The question then became how to handle the chaos? The way my parents used to tell it when we were kids, the oldest and the wisest of all the species met where they felt the most power coming from the earth. They faced each other as equals for the first time, every one of them having a voice to be heard, and if that idea, that very value, was blessed by the gods themselves, a meteor fell from the heavens right amidst them.

The rock splintered into exactly the amount of species there, glowing when one touched it… And
only
that one person touched it along with giving their natural gifts a boost of energy. It was said the gods gave these crystals to our new leaders to help them rule fairly and justly, also allowing them the powers of detecting who had a stout heart or was being dishonest.

In that instant the Paranormal Parliament was born. One leader for each species with one voice deciding the fate for all to make sure we survived, thrived, and had future generations. Now granted,
species
didn’t mean each type of shifter had their own elder on the PP and there wasn’t one for
all
shifters. It was a little more intricate than that. There was one for wolf and hound shifters. One for all breeds of cat shifters, and so on.

And since that day, there has been peace, everyone playing nicely with each other because no one ever dared go up against a united front of
all
the other races and a ruling body blessed by the gods.
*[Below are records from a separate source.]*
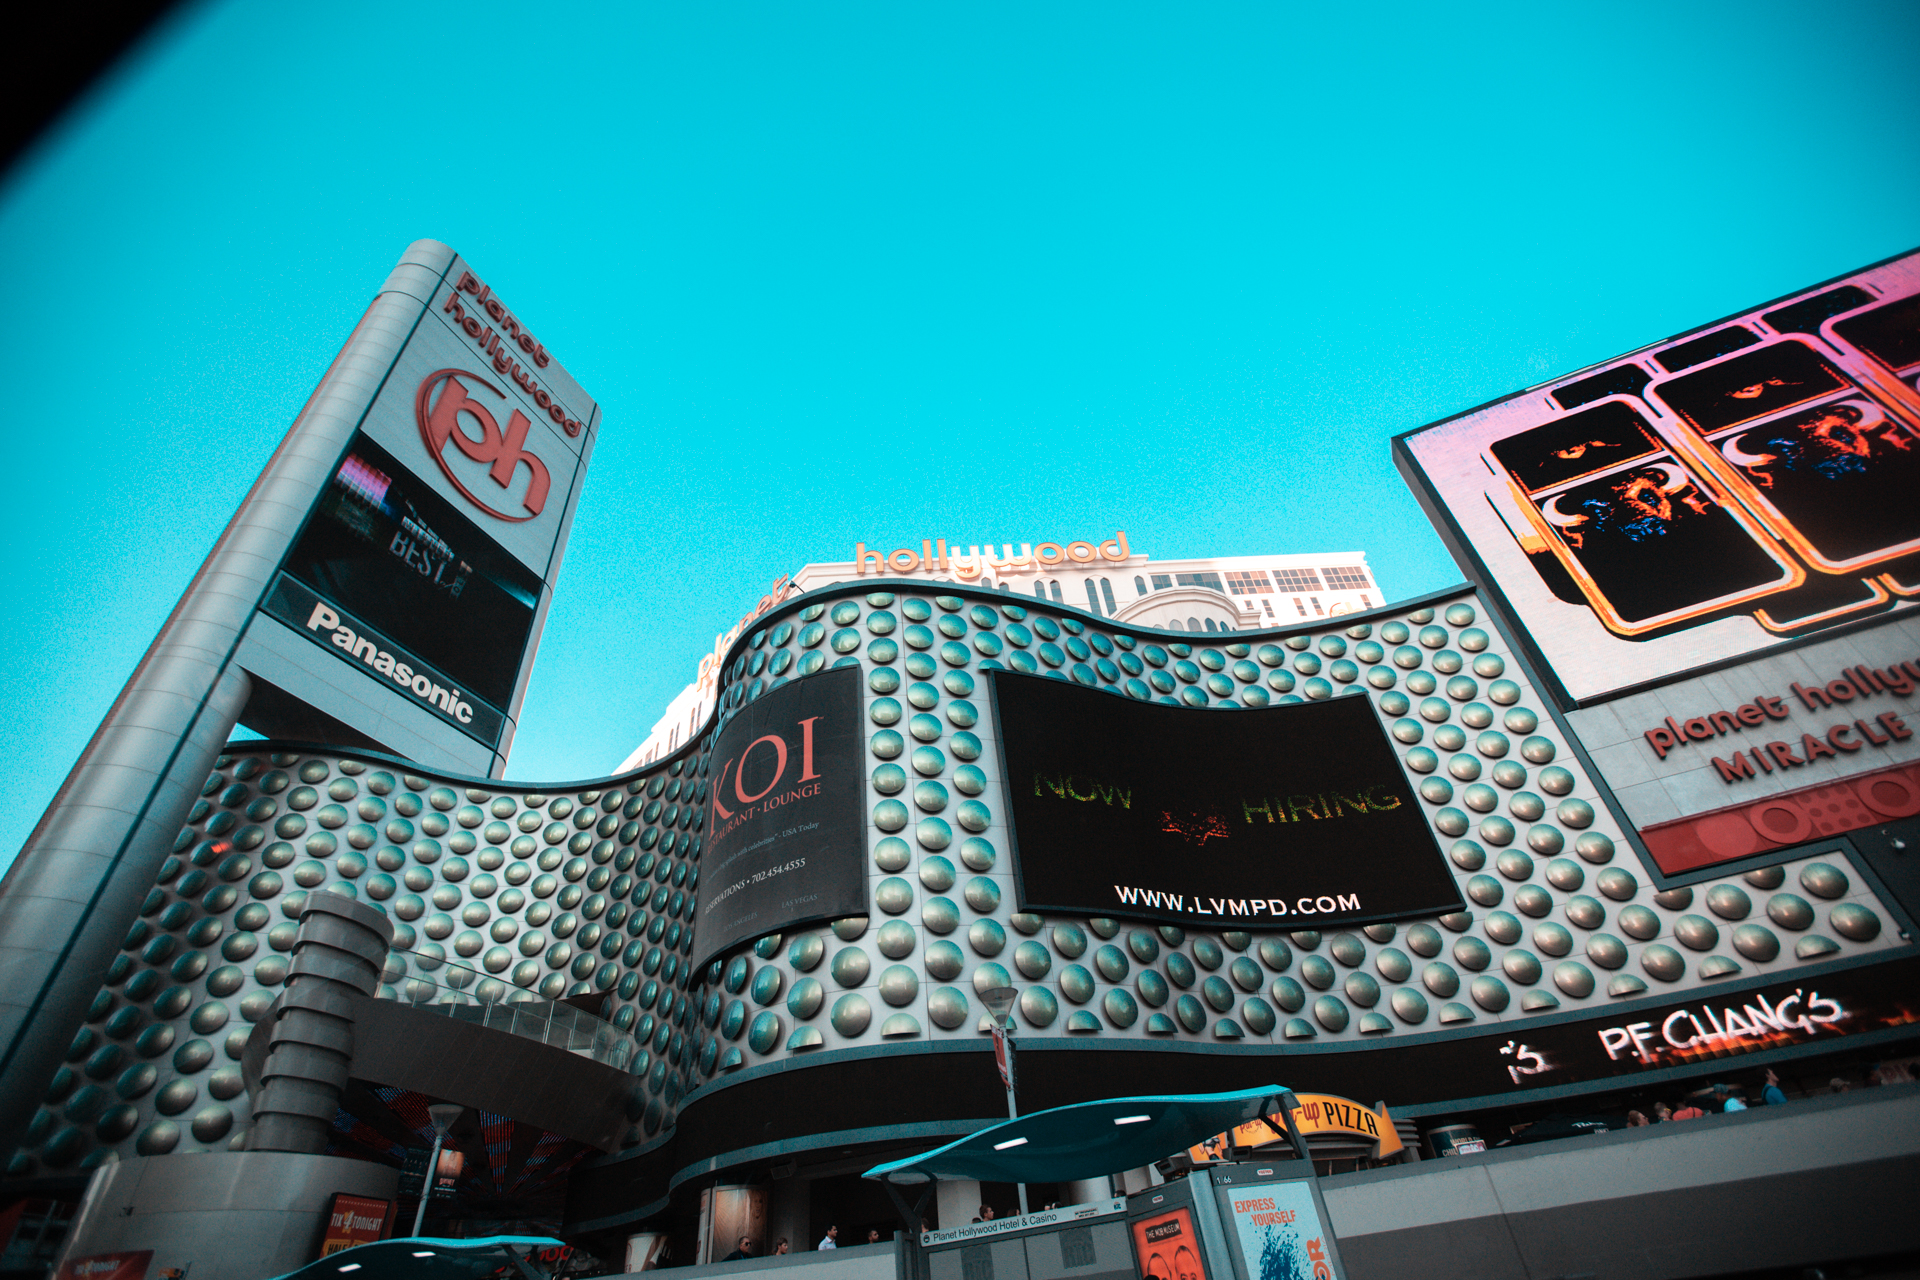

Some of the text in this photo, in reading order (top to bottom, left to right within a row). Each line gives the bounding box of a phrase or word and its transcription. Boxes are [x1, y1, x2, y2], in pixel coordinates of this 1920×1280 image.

[456, 271, 549, 368] planet
[443, 292, 582, 438] hollywood
[854, 529, 1131, 578] hollywood
[696, 572, 789, 693] planet
[306, 602, 474, 724] Panasonic
[1643, 695, 1790, 761] planet
[1710, 711, 1914, 785] MIRACLE
[708, 715, 821, 841] KOI
[763, 782, 822, 813] LOUNGE
[1034, 771, 1401, 824] NOW HIRING
[782, 828, 797, 838] USA
[797, 821, 820, 833] Today
[751, 857, 806, 884] 702.454.4555
[1114, 884, 1362, 917] WWW.LVMPD.COM
[1323, 1101, 1379, 1137] PIZZA
[331, 1211, 382, 1231] TIX 4 TONIGHT
[1234, 1197, 1276, 1214] EXPRESS
[1251, 1210, 1296, 1227] YOURSELF
[933, 1213, 1058, 1242] Planet Hollywood Hotel & Casino
[1145, 1221, 1181, 1239] THE MOB MUSEUM
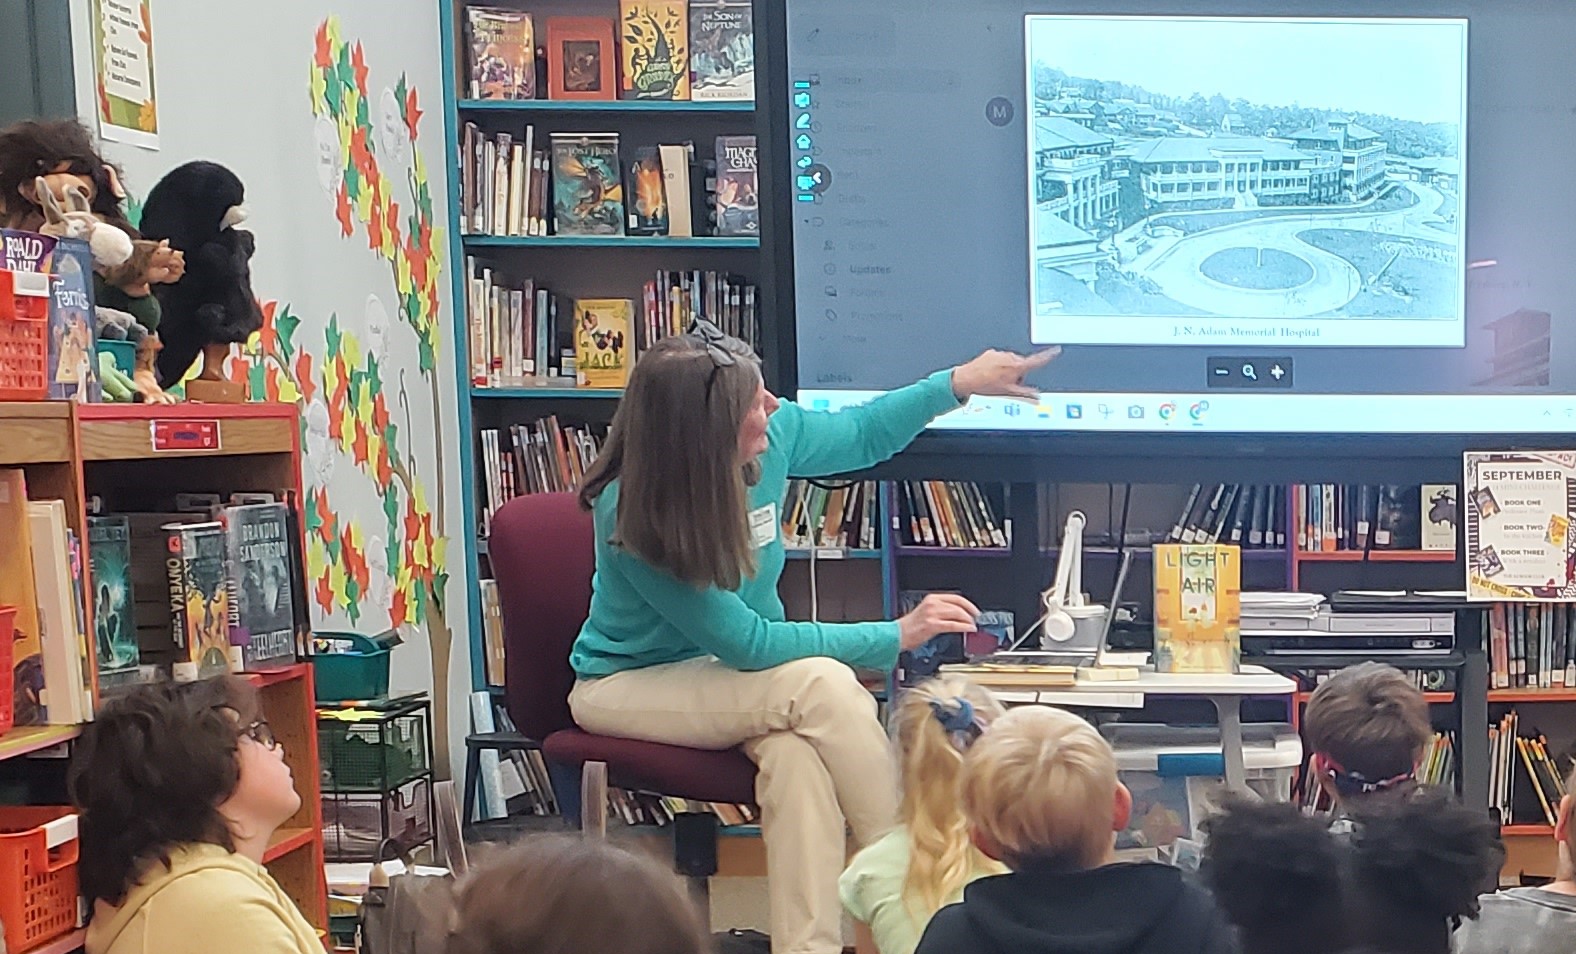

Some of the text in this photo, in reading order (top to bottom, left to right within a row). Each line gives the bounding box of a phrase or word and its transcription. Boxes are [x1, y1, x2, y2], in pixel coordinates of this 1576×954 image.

[713, 10, 733, 21] SON
[702, 21, 742, 31] NEPTUNE
[992, 105, 1007, 119] M
[5, 236, 43, 260] ROALD
[850, 264, 892, 276] Updates
[1183, 326, 1196, 336] N.
[1199, 327, 1227, 337] Adam
[1230, 327, 1276, 337] Memorial
[1280, 327, 1320, 339] Hospital
[1482, 470, 1562, 481] SEPTEMBER
[242, 522, 280, 541] BRANDON
[239, 541, 287, 563] SANDERSON
[1166, 552, 1230, 568] LIGHT
[166, 557, 185, 613] ONYEKA
[1181, 577, 1216, 593] AIR
[1472, 576, 1480, 585] DO
[1480, 579, 1491, 588] NOT
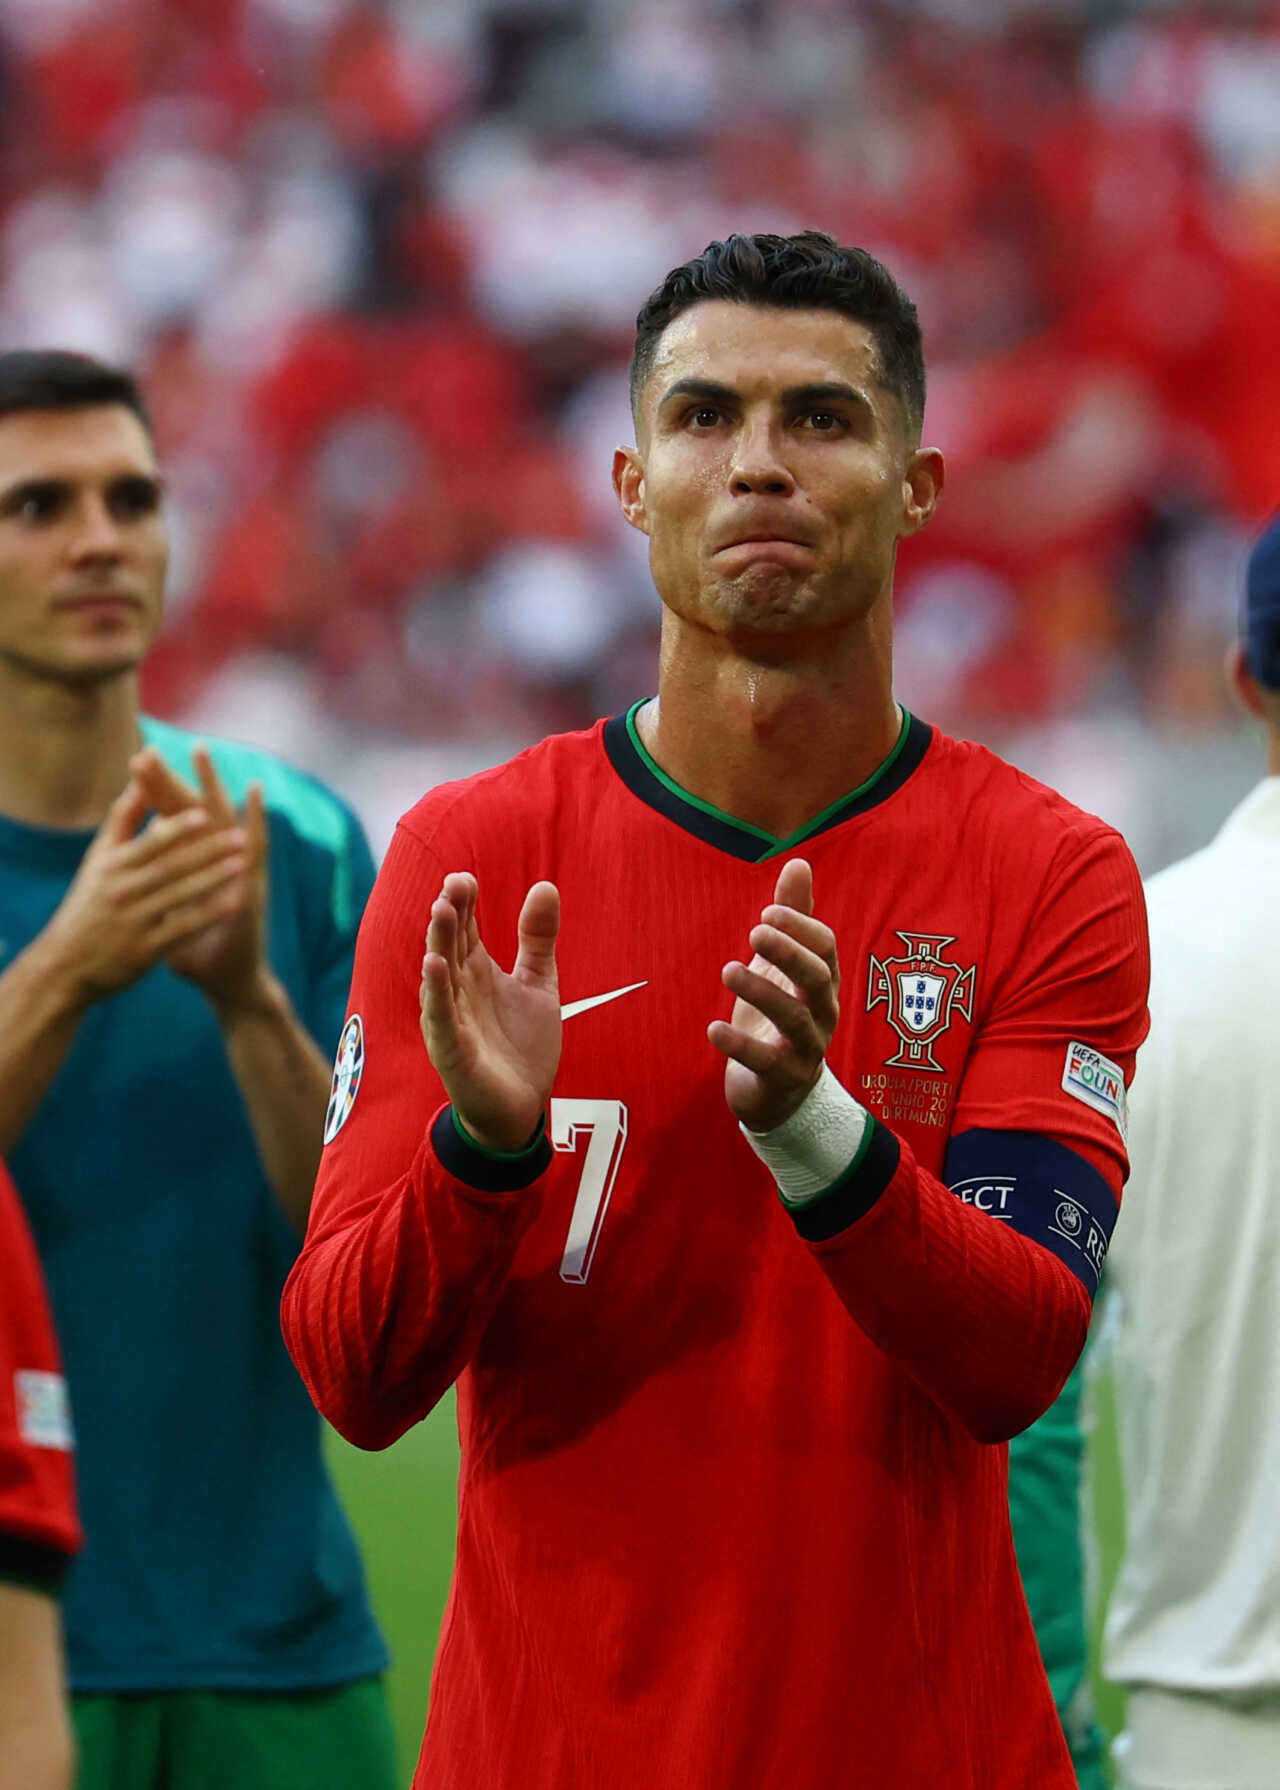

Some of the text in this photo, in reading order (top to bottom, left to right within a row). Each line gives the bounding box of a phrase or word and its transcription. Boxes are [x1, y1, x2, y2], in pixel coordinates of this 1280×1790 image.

[1072, 1045, 1100, 1068] UEFA
[1070, 1057, 1120, 1101] FOUN
[930, 1097, 948, 1112] 20
[551, 1098, 627, 1284] 7
[955, 1186, 1014, 1210] ECT
[1086, 1227, 1106, 1279] RE
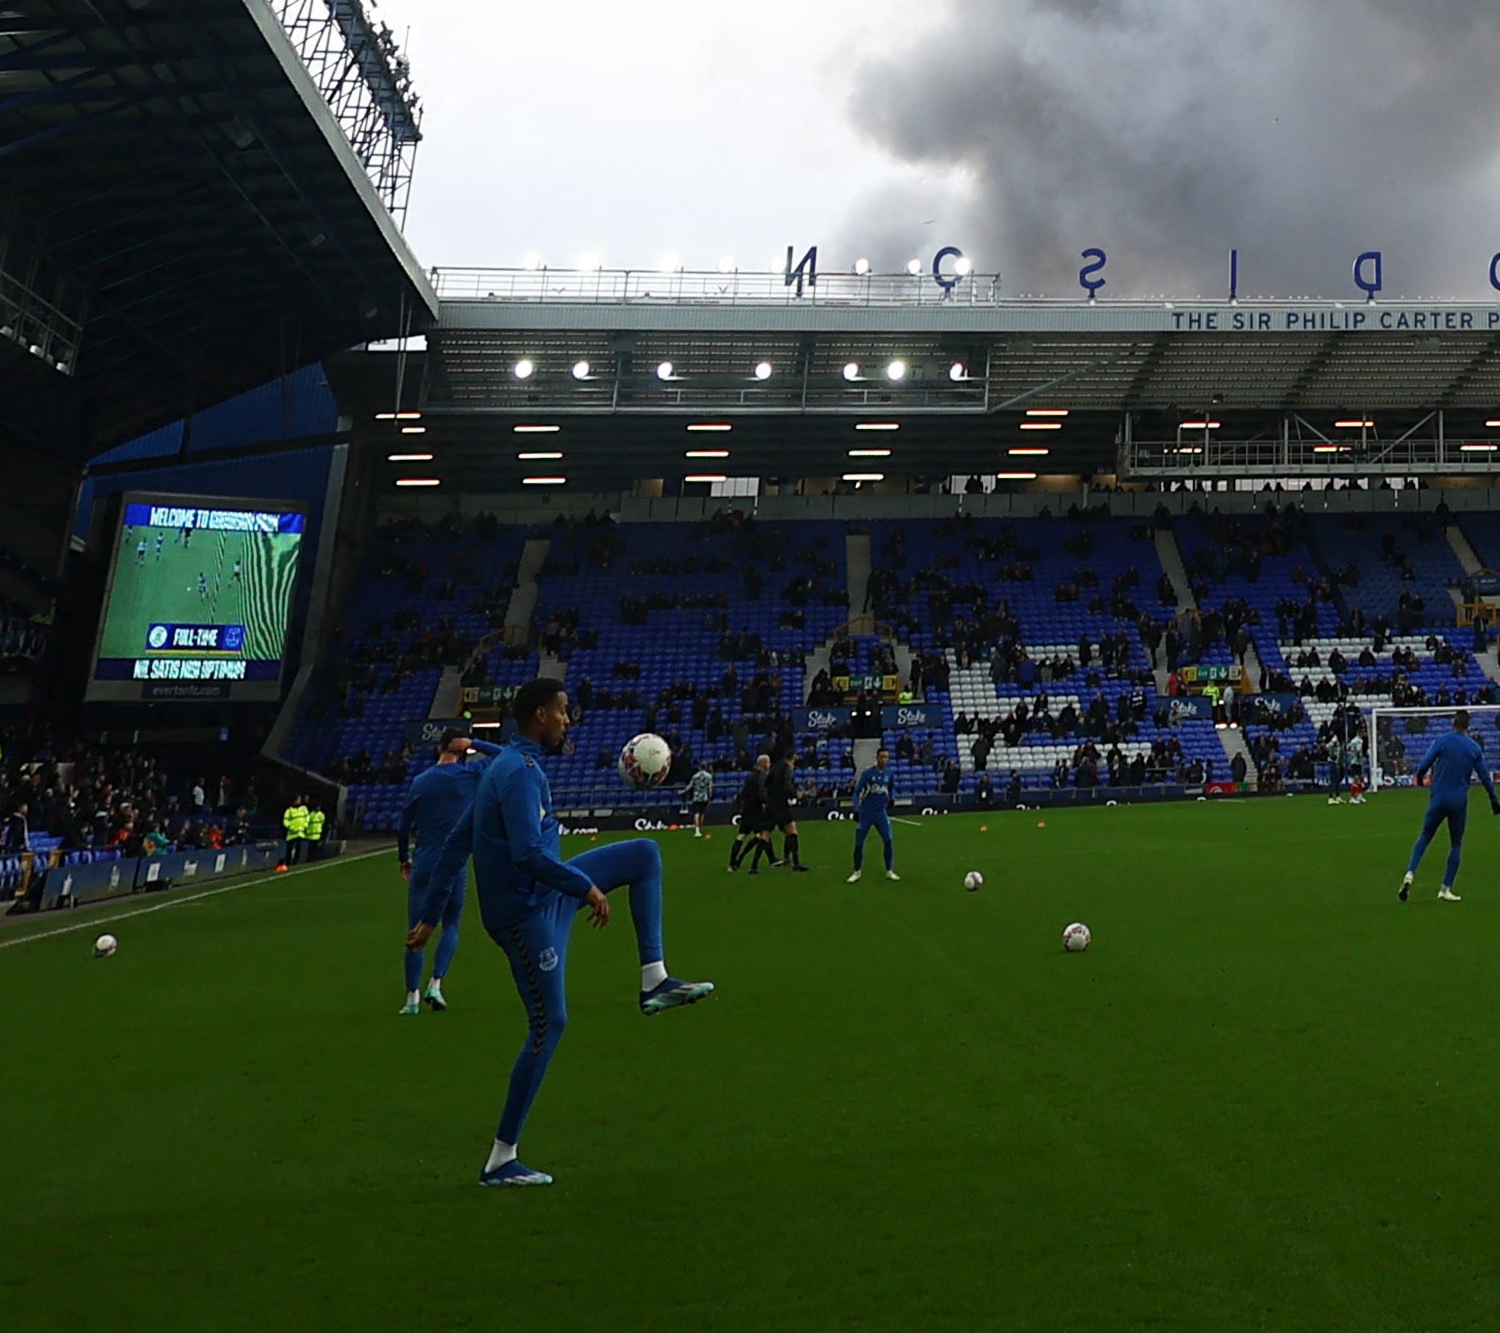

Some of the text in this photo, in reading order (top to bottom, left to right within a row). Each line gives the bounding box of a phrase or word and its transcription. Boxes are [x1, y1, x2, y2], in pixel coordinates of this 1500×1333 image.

[1172, 312, 1217, 331] THE
[1232, 312, 1271, 331] SIR
[1286, 312, 1367, 331] PHILIP
[1380, 312, 1474, 331] CARTER
[149, 506, 195, 529] WELCOME
[196, 508, 208, 530] TO
Especially one that could tell if you were lying or full of shit when you stood before them. At least that was what we were told.

Whether that was how it all really happened or a bedtime story adults told their kids, I didn’t really know. But my parents believed in the PP and followed them to their deaths.

“I just don’t get it,” Seattle mumbled as we trudged into the living room attached to the entryway, snapping me back into the present. Well, mostly. Every time I came into the living room, I could almost smell the candle my mom used to burn in there, though no one had in a while. We’d packed them all up months ago. “Why did the PP make that guy Alpha?”


That’s
what you’re focused on?” Orlando did a double take as he openly balked at our brother before flinging himself over the back of our leather sectional, landing with a thump as he huffed. “He won a challenge or something. Who the fuck cares? We need to figure out what to do, Seattle. Not talk politics.”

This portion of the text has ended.